(DATASET RECORDS)

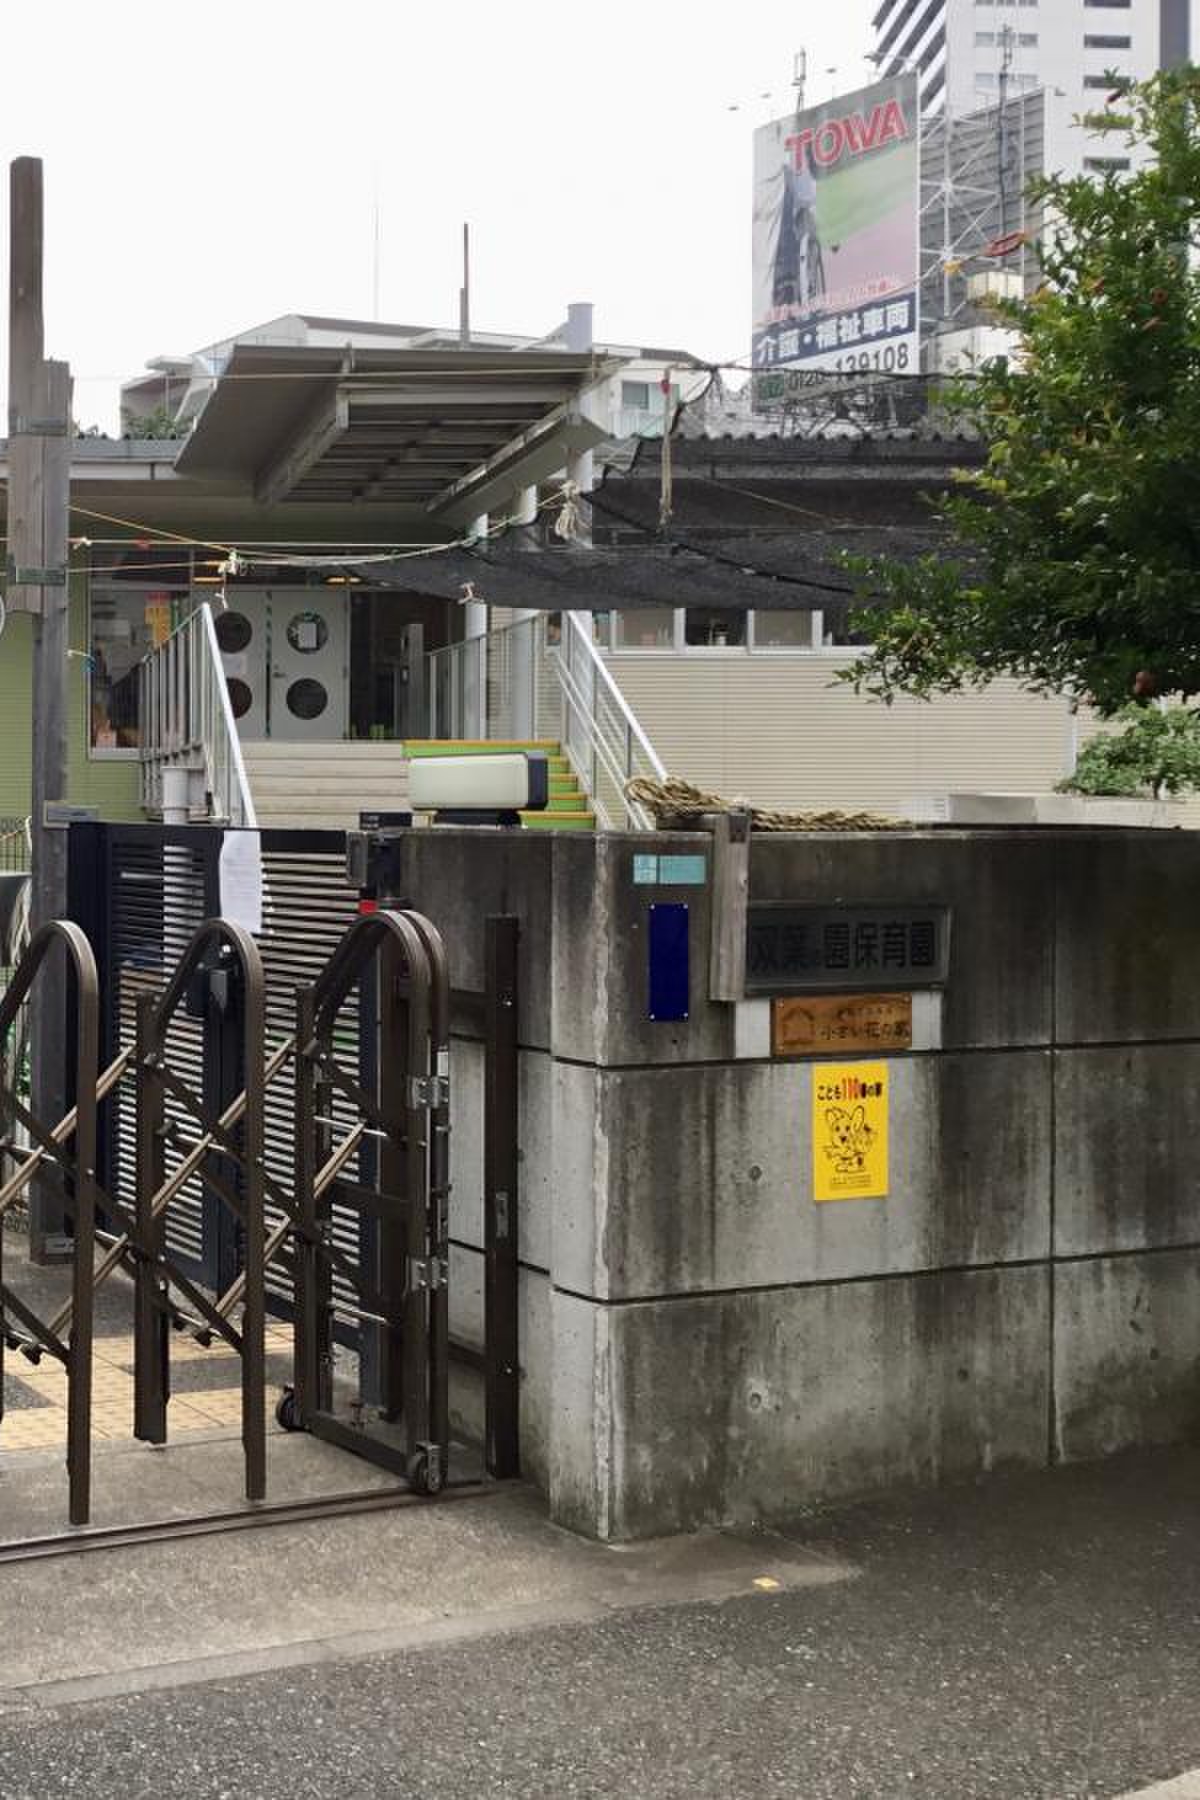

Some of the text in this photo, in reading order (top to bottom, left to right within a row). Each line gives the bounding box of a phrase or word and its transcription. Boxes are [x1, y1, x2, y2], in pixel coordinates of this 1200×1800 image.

[784, 98, 909, 174] TOWA
[756, 300, 911, 365] 介護・福祉車両
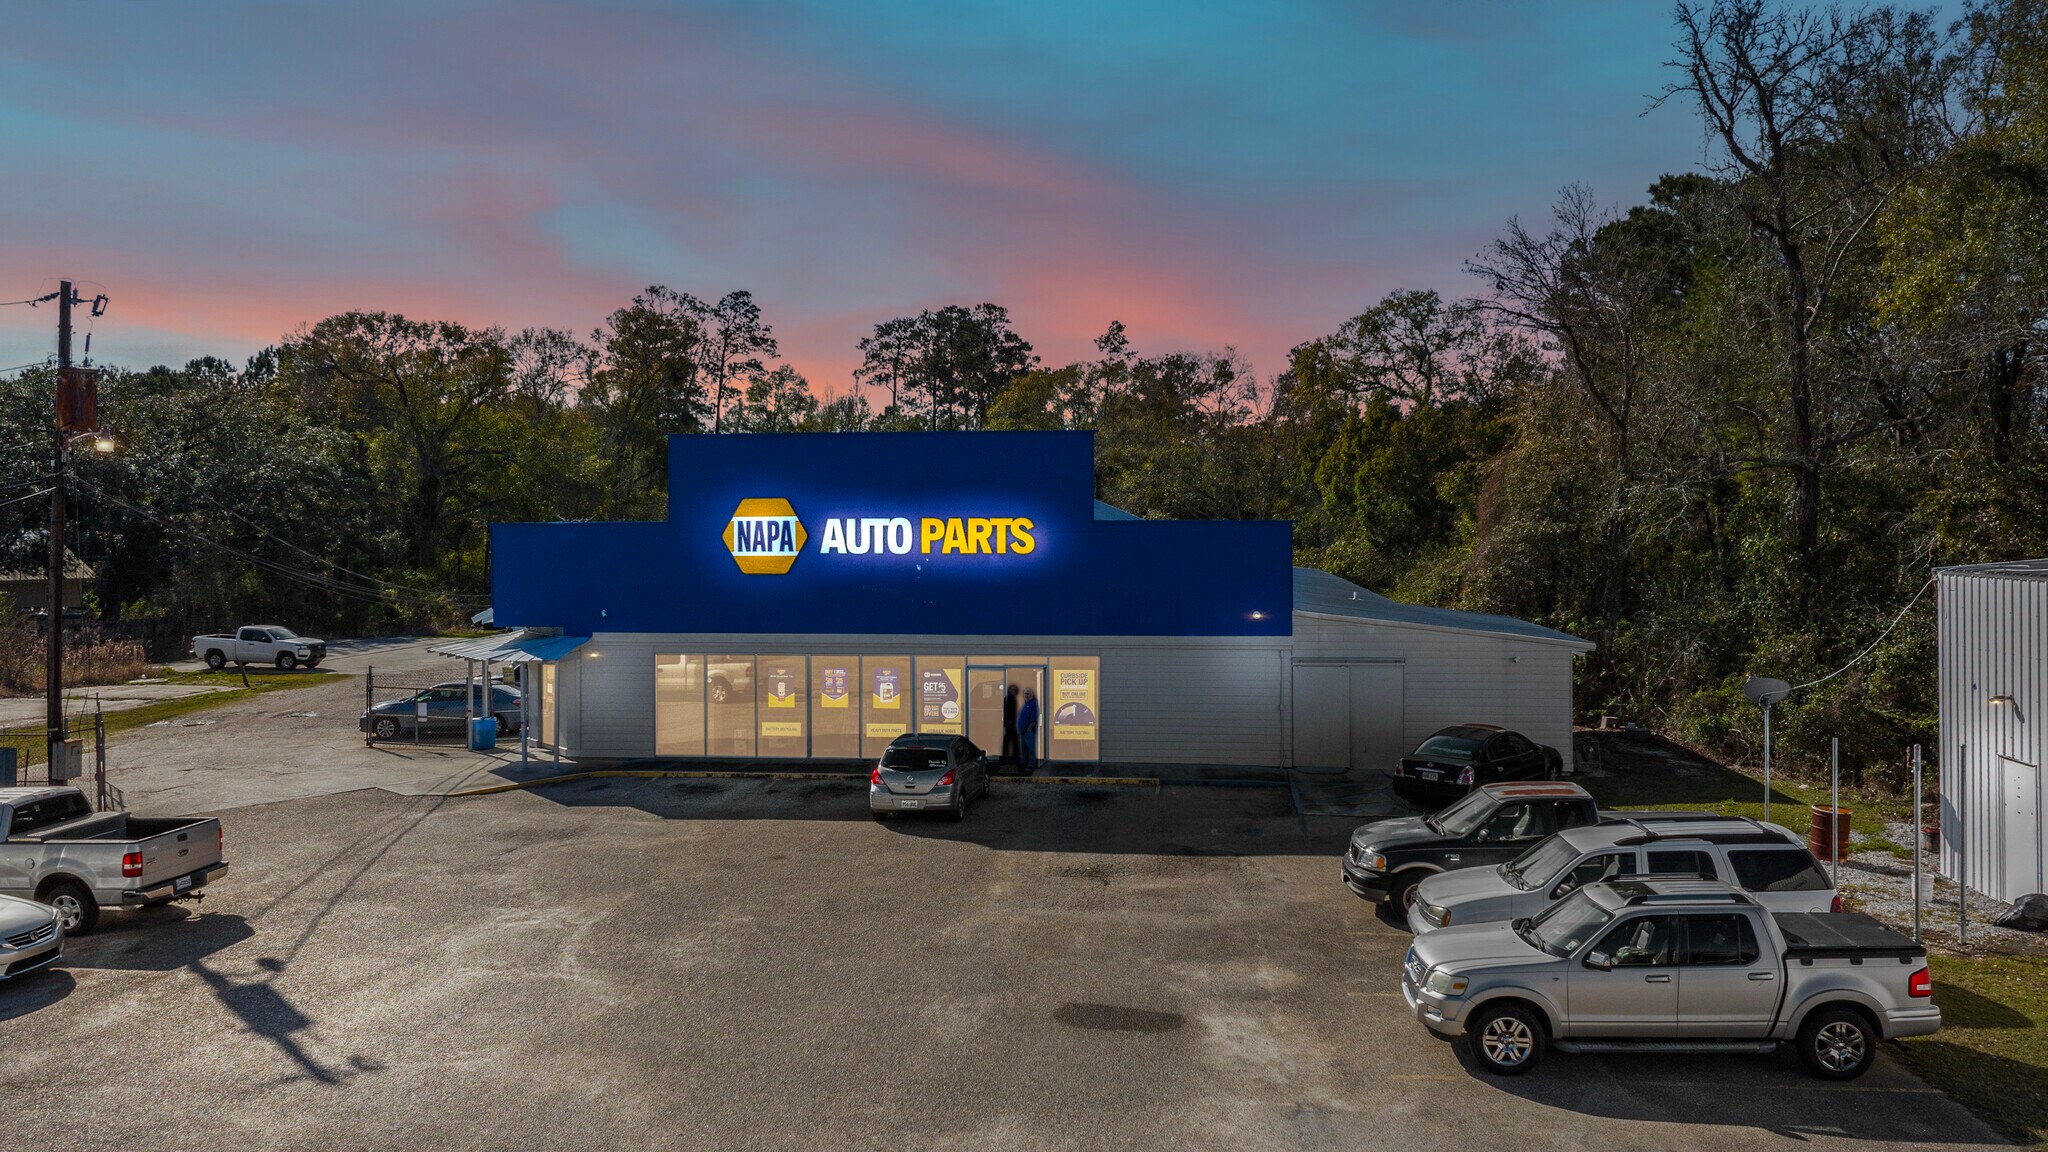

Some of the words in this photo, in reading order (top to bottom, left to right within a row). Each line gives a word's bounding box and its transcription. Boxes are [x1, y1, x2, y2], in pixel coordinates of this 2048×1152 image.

[737, 520, 794, 553] NAPA
[820, 518, 912, 555] AUTO
[921, 518, 1035, 555] PARTS
[923, 682, 938, 691] GET
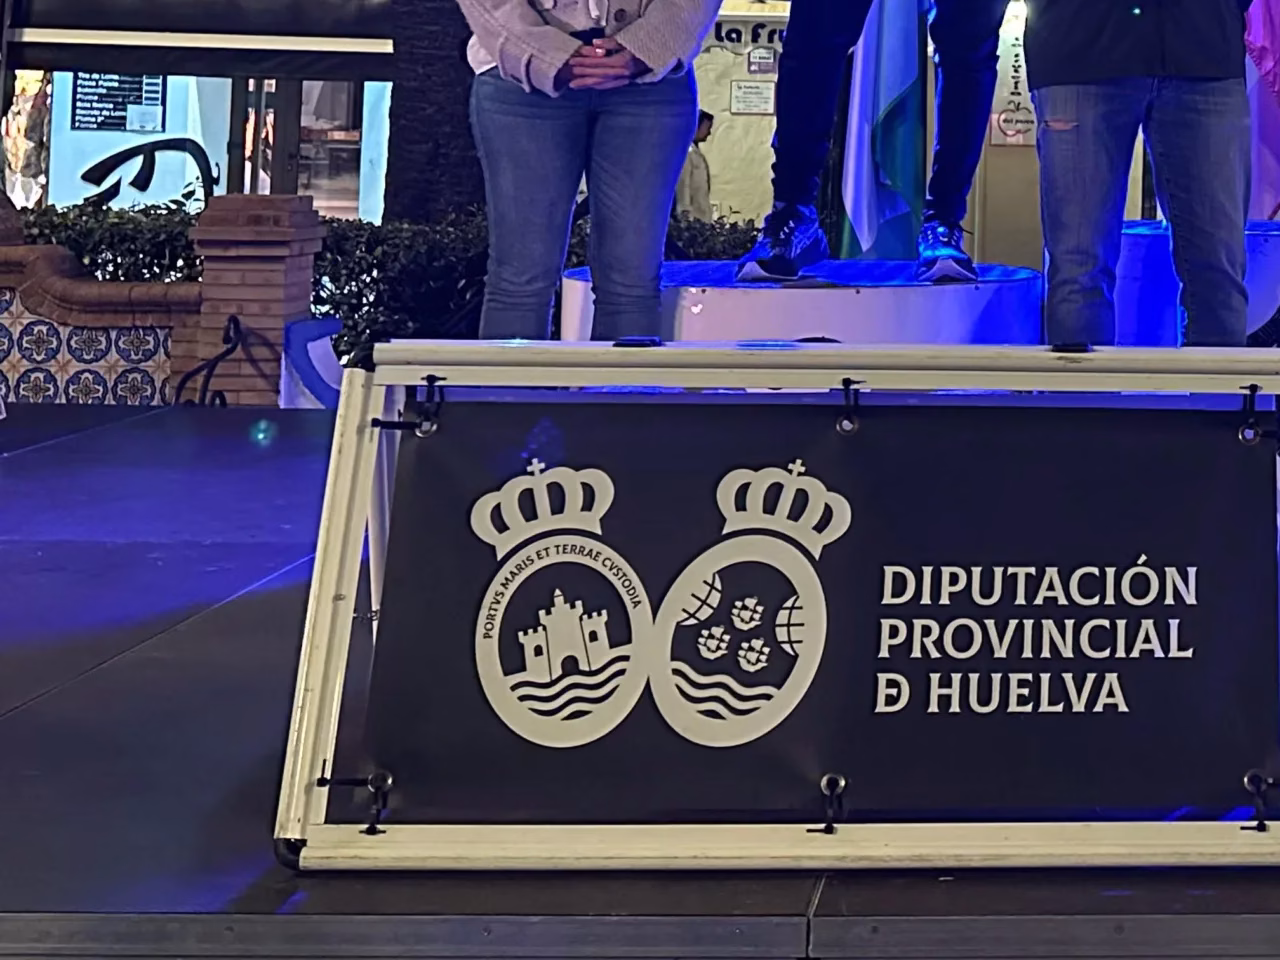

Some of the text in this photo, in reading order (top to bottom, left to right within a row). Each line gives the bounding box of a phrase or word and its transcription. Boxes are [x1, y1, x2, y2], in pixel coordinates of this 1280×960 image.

[483, 543, 642, 639] PORTVS MARIS ET TERRAE CVSTODIA
[881, 553, 1198, 607] DIPUTACIÓN
[877, 617, 1194, 659] PROVINCIAL
[927, 672, 1130, 714] HUELVA
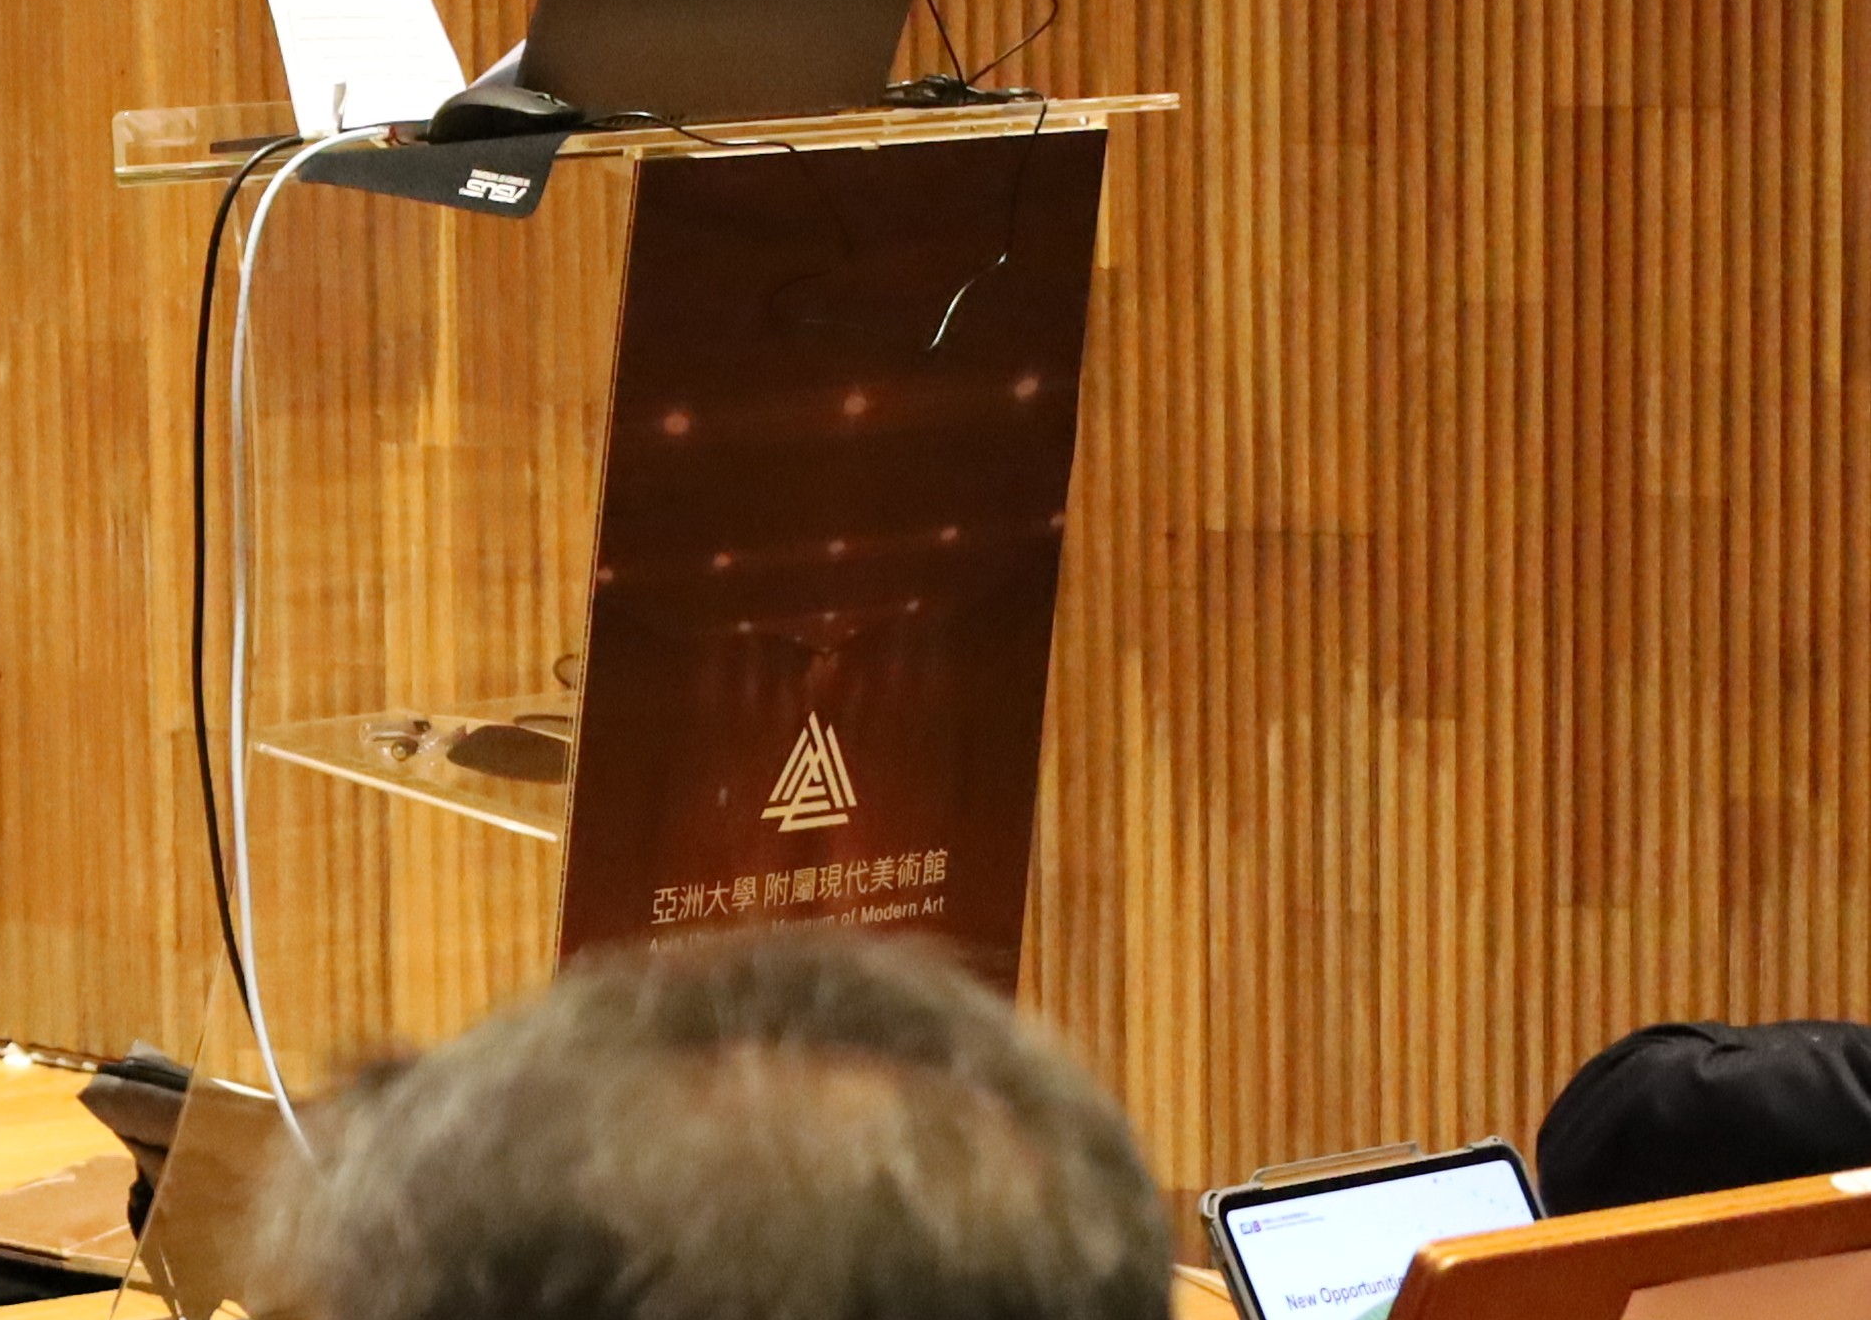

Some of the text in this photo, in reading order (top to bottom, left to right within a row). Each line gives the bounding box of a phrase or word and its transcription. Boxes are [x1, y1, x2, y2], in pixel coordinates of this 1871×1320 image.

(End DATASET RECORDS)

WHAT IS EXPECTED: Copy the listing above in full and exactly, but omit each picture that it holds.

ANSWER BELOW:
Some of the text in this photo, in reading order (top to bottom, left to right within a row). Each line gives the bounding box of a phrase or word and its transcription. Boxes are [x1, y1, x2, y2], in pixel coordinates of this 1200×1800 image.

[784, 98, 909, 174] TOWA
[756, 300, 911, 365] 介護・福祉車両

Some of the words in this photo, in reading order (top to bottom, left to right within a row). Each line gives a word's bounding box and its transcription. Boxes are [x1, y1, x2, y2], in pixel coordinates of this 2048×1152 image.

[737, 520, 794, 553] NAPA
[820, 518, 912, 555] AUTO
[921, 518, 1035, 555] PARTS
[923, 682, 938, 691] GET

Some of the text in this photo, in reading order (top to bottom, left to right within a row). Each line gives the bounding box of a phrase or word and its transcription. Boxes are [x1, y1, x2, y2], in pixel coordinates of this 1280×960 image.

[483, 543, 642, 639] PORTVS MARIS ET TERRAE CVSTODIA
[881, 553, 1198, 607] DIPUTACIÓN
[877, 617, 1194, 659] PROVINCIAL
[927, 672, 1130, 714] HUELVA

Some of the text in this photo, in reading order (top to bottom, left to right within a row). Each line gives the bounding box of a phrase or word and its transcription. Boxes are [x1, y1, x2, y2], in pixel coordinates of this 1871×1320 image.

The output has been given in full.